Hanson and his girlfriend, along with other members of the team attended the party. According to reports, there was a bumping incident involving Saisoni Taukitoku and Hanson. It ended with Hanson being severely beaten and robbed.

It also ended in the shooting deaths of 21-year-old Charles Kelly, 23-year-old Derek Jensen and 23-year-old Nathan Viljoen.

Hanson’s Nevada career was over. He eventually finished playing at Jackson State.

“He again violated our policy by going out socially that evening while he had been directed not to,” Fox said at the time. “Tyrone and other student-athletes in attendance did not break the law, but Tyrone understands the high standard of behavior that is expected in our program.”

Athletes, right or wrong, are considered role models. They’ve always been held to a higher standard, and they do know that going in.

A year later, the basketball team found itself again in the news for the wrong reasons.

Three members of the Nevada basketball team were arrested for misdemeanor petty larceny after a shoplifting incident at Scheels.

Junior guard Brandon Fields, freshman forward Ahyaro Phillips and freshman guard London “Cotton” Giles were all cited. The trio were suspended by Fox for several games. Charges were later dropped, and the trio continued their seasons.

It was the first of two incidents for Phillips.

In 2009, Phillips was dismissed from the program by then coach David Carter. He was arrested for having possession of a dangerous firearm. The incident involved members of the football and basketball team and happened at the university recreation center.

Former Hug star Armon Johnson, who told police he was holding the gun for somebody, turned it over to the police at Carter’s insistence. Nobody else was charged in the incident.

The incident cost Nevada, because Steven Bjornstad, a 6-10 center from Spokane, got out of his scholarship. The official word was there was some paperwork issues, but Bjornstad’s parents weren’t wild about the gun incident and said their son wasn’t coming to Nevada.

Our freelance columnist Joe Santoro pointed out Jimmy Moore was arrested back in the 1990s for punching two women outside a bar, and he was suspended for just two games.

Moore was also accused of date rape when he was a student at Dixie College, but those charges were never proven.

It makes me wonder how much homework goes into recruiting players? Are coaches going as deep as they can?

Foster will appear in court right before Christmas.

In 2014 Nevada running back Chris Solomon was arrested for domestic battery, and he was kicked off the team. Is this an automatic thing?

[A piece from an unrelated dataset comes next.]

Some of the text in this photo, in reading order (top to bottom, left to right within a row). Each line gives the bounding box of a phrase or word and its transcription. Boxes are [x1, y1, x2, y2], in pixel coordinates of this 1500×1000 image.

“The athletics department handles these situations on a case by case basis,” said Chad Hartley, assistant athletic director and director of communications at Nevada. “No two situations are ever alike, and we consider all relevant factors when addressing these situations.”

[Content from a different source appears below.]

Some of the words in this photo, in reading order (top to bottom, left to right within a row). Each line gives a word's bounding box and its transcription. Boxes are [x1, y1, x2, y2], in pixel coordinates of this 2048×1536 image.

Domestic battery? If you’re a boy, aren’t you taught at an early age that you don’t hit girls?

We’re seeing this far to often, especially by professional athletes. Fifteen NFL players have been arrested on battery in the last two years. We all have seen the infamous Ray Rice video where he slugged his then girlfriend and now wife in a New Jersey elevator. There have been plenty of instances in the NBA and Major League Baseball, too.

All I can say is walk away. Obviously I wasn’t in the room, but when an argument escalates it’s better if one or both parties walk away. Cooler heads always prevail.

Foster may or may not have thrown his college career away because of his temper. Only time will tell.

In my mind, however, there’s no place for an athlete at any level for hitting/beating a woman.